* WORK TASK *
A faithful copy of the data, pictures omitted, is the required answer.

---- MATERIAL FOR THE TASK

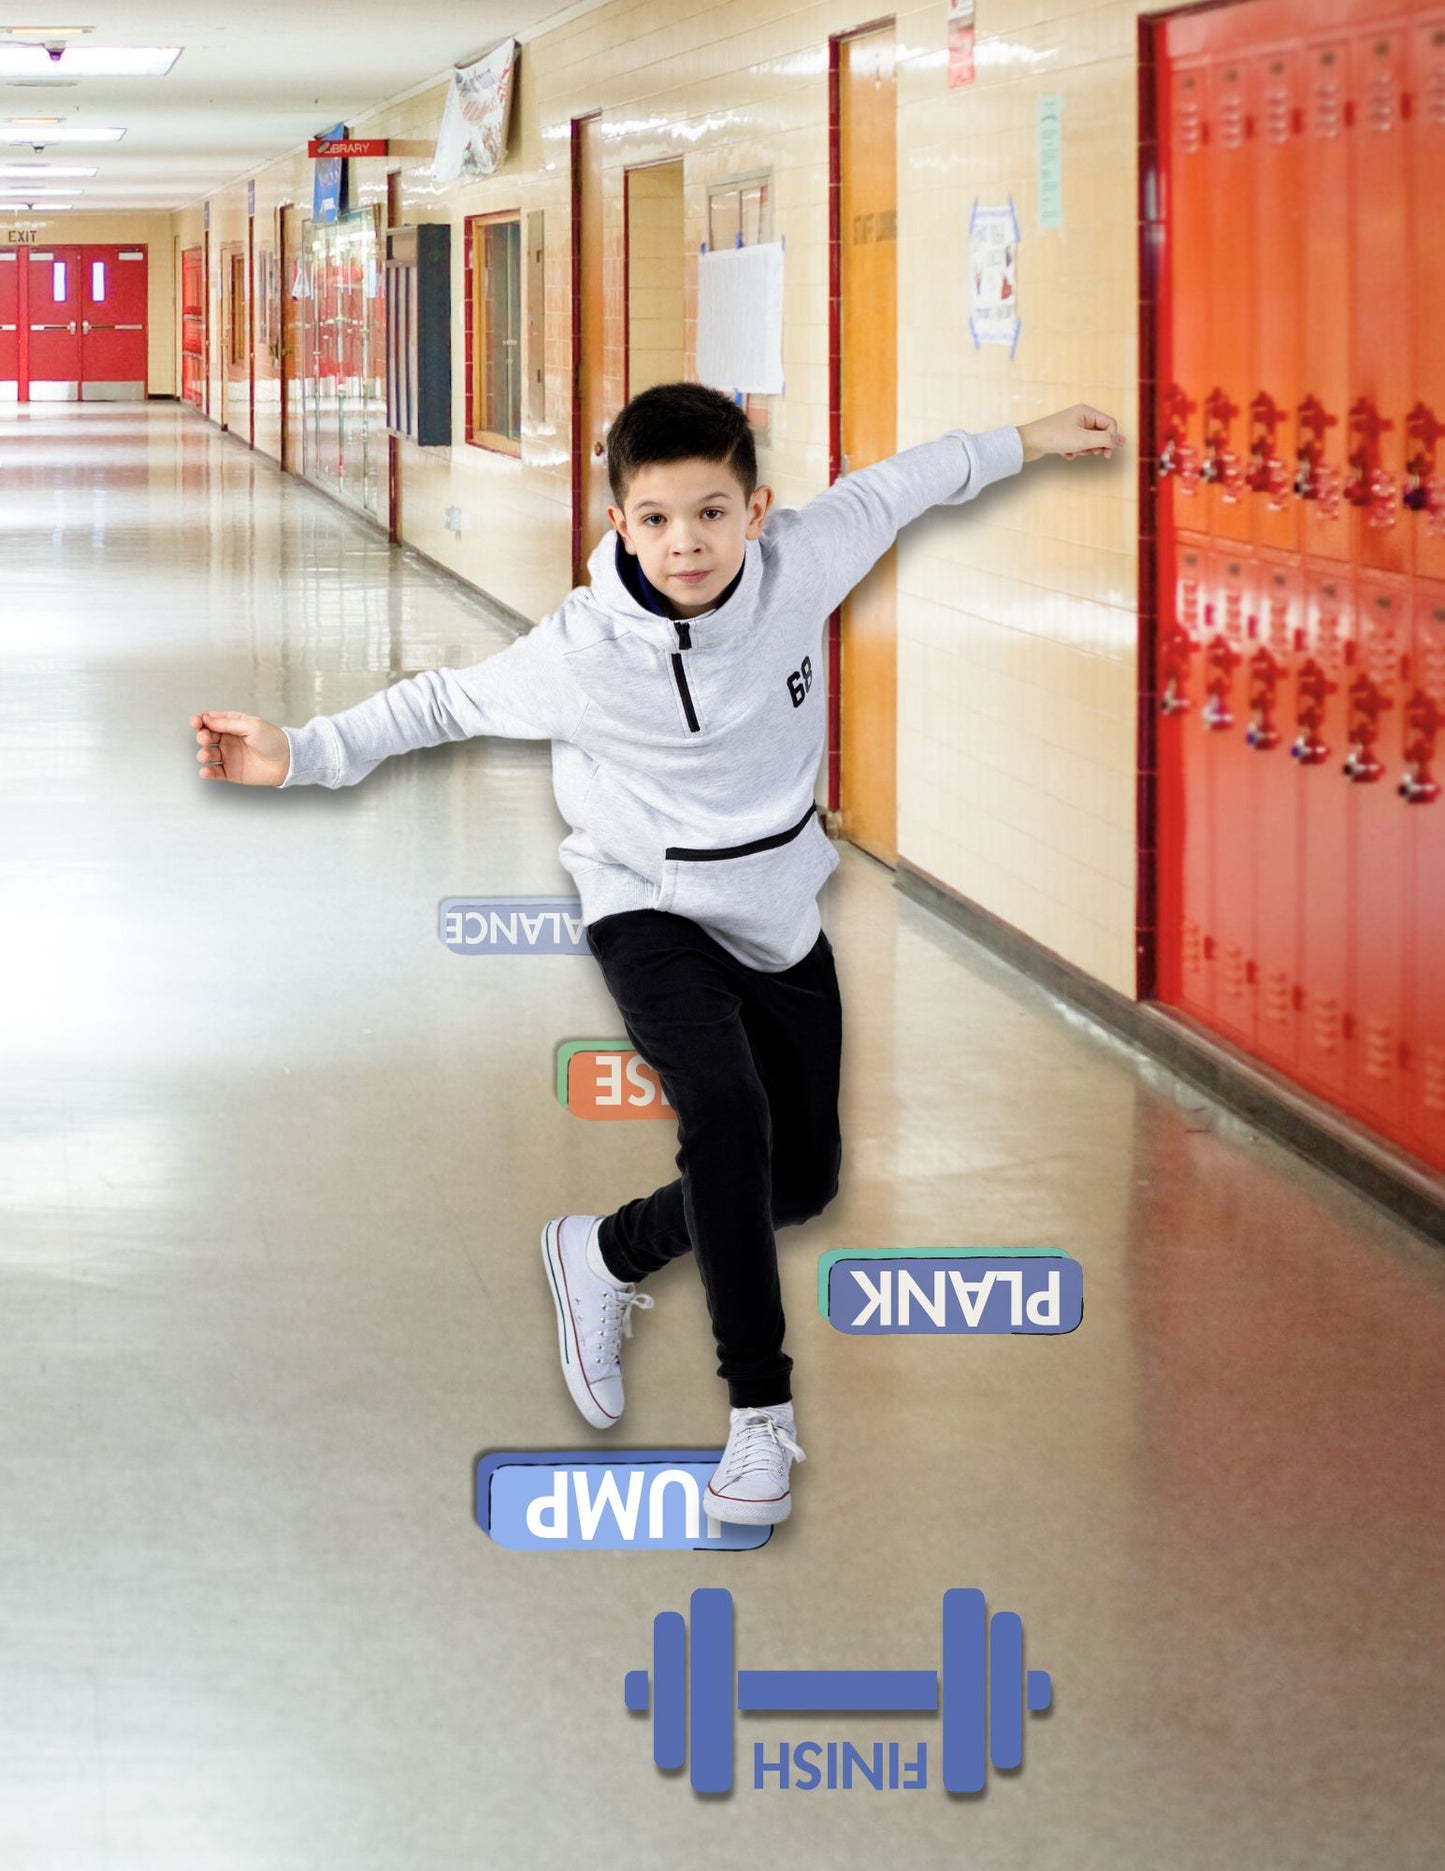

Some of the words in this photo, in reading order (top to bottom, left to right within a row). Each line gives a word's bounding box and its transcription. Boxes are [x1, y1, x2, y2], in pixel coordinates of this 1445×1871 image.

[8, 230, 38, 243] EXIT
[786, 655, 813, 708] 68
[446, 911, 585, 945] ALANCE
[595, 1054, 671, 1107] SE
[850, 1269, 1060, 1328] PLANK
[525, 1469, 722, 1541] UMP
[753, 1741, 927, 1791] FINISH
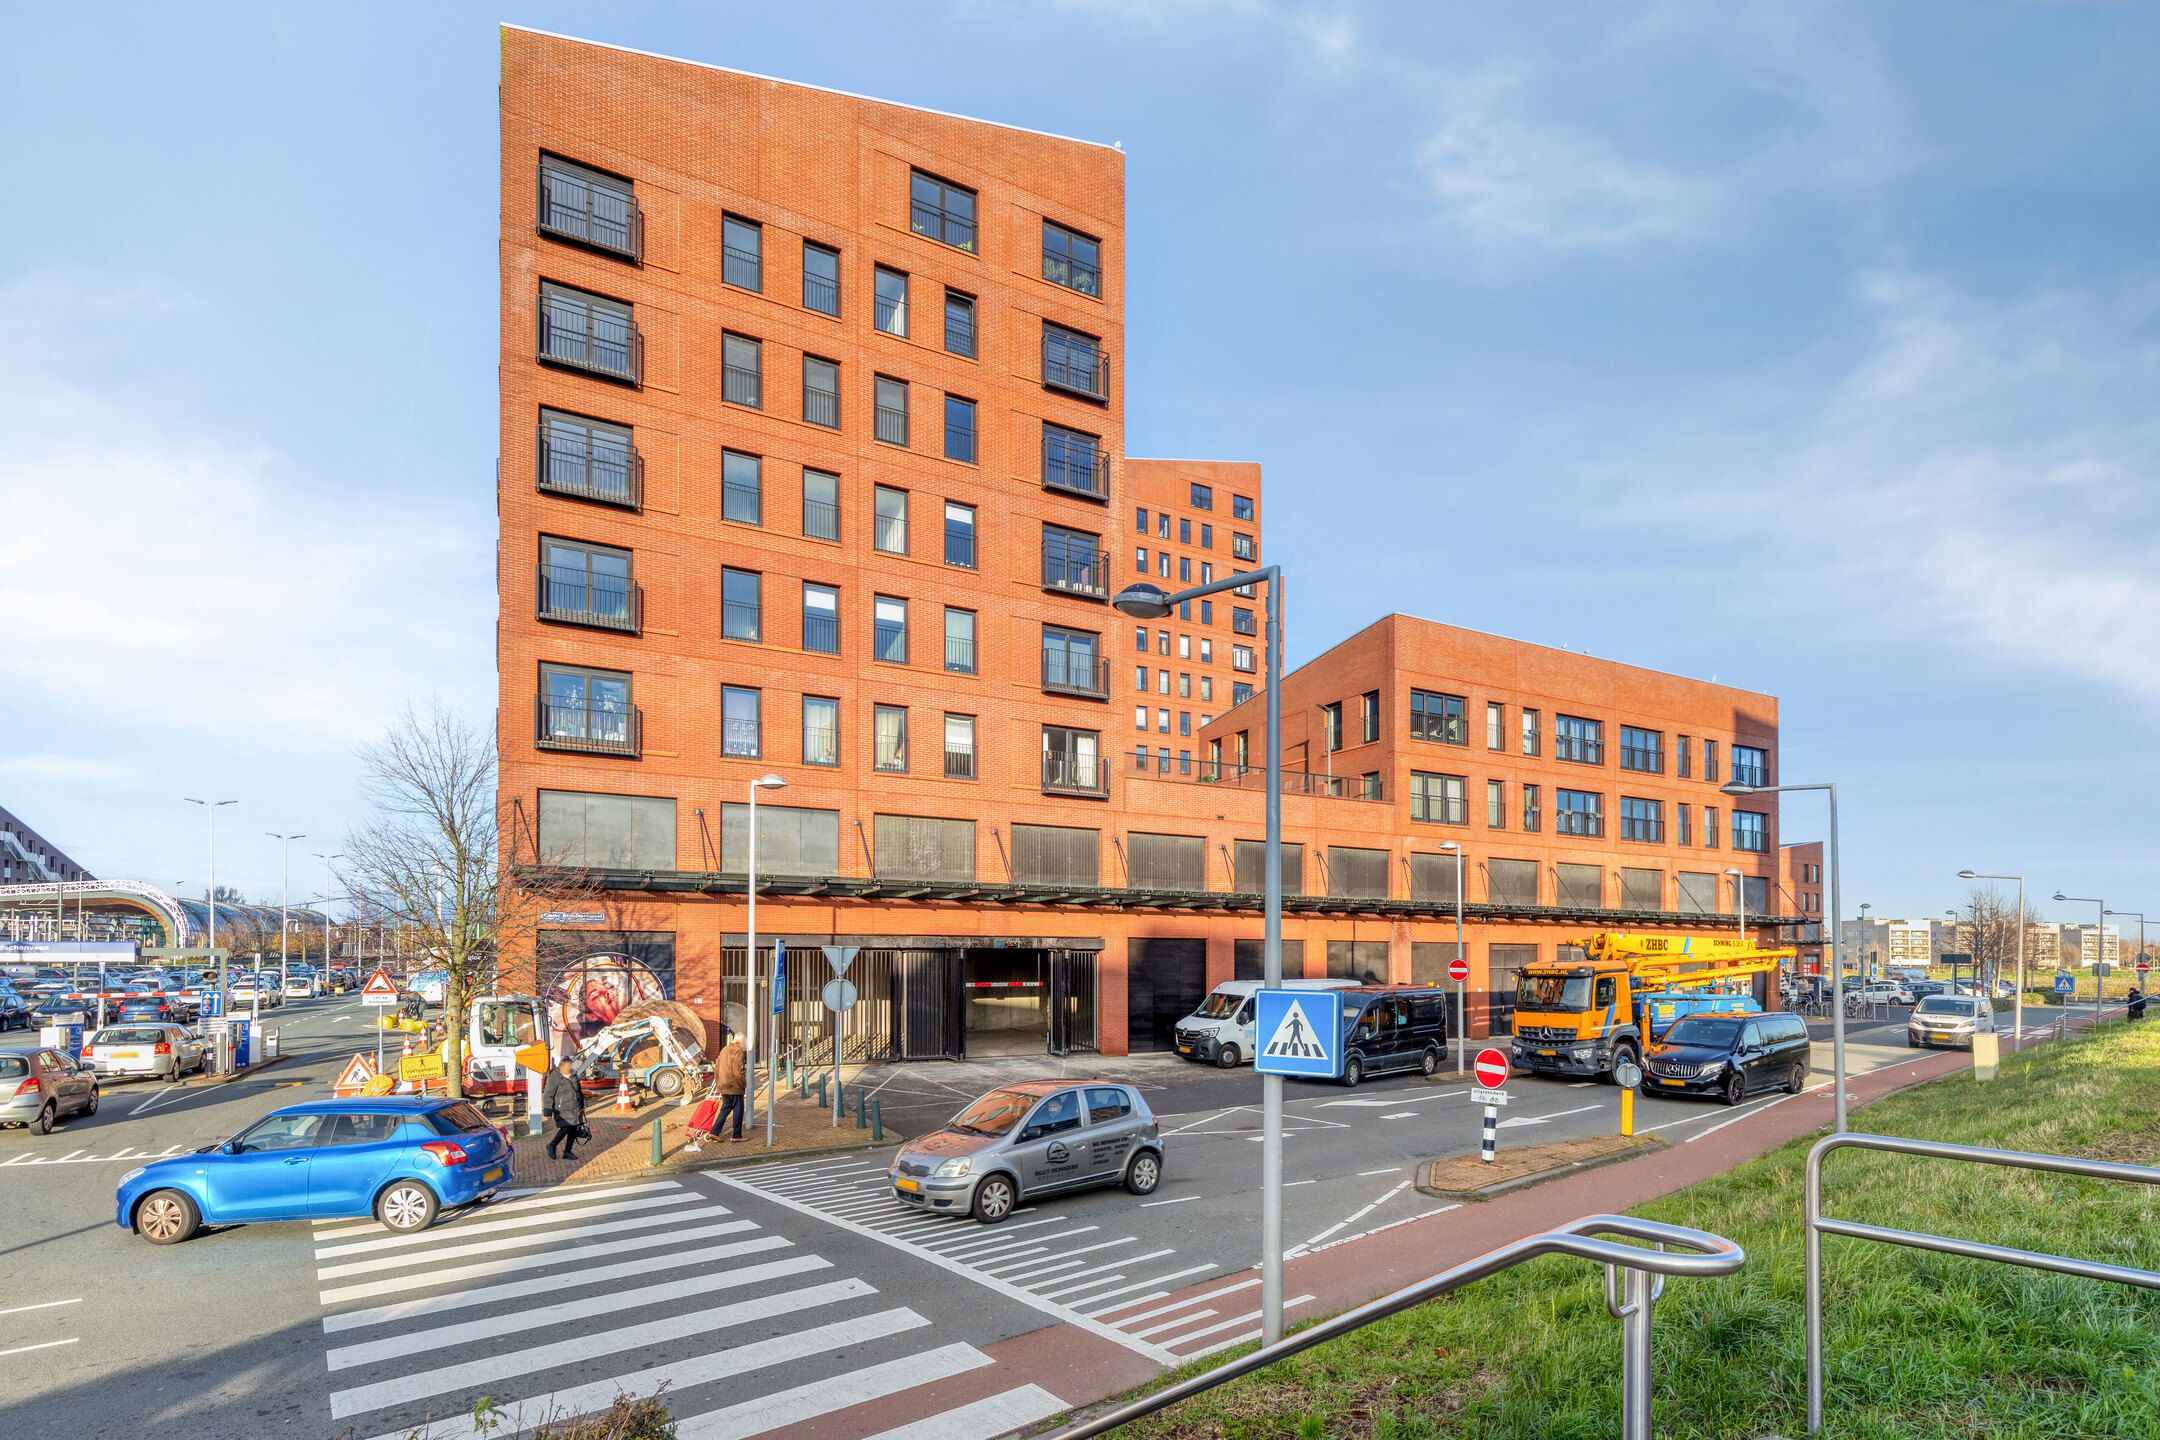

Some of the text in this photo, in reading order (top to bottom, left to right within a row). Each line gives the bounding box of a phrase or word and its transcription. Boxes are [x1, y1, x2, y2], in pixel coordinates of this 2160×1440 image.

--------

* TASK RESULT *
Some of the words in this photo, in reading order (top to bottom, left to right within a row). Each line gives a word's bounding box and its transcription. Boxes are [x1, y1, x2, y2], in pixel coordinates of this 1445×1871 image.

[8, 230, 38, 243] EXIT
[786, 655, 813, 708] 68
[446, 911, 585, 945] ALANCE
[595, 1054, 671, 1107] SE
[850, 1269, 1060, 1328] PLANK
[525, 1469, 722, 1541] UMP
[753, 1741, 927, 1791] FINISH

Some of the text in this photo, in reading order (top to bottom, left to right within a row). Each line gives the bounding box of a phrase or word and its transcription. Boxes are [x1, y1, x2, y2], in pixel coordinates of this 2160×1440 image.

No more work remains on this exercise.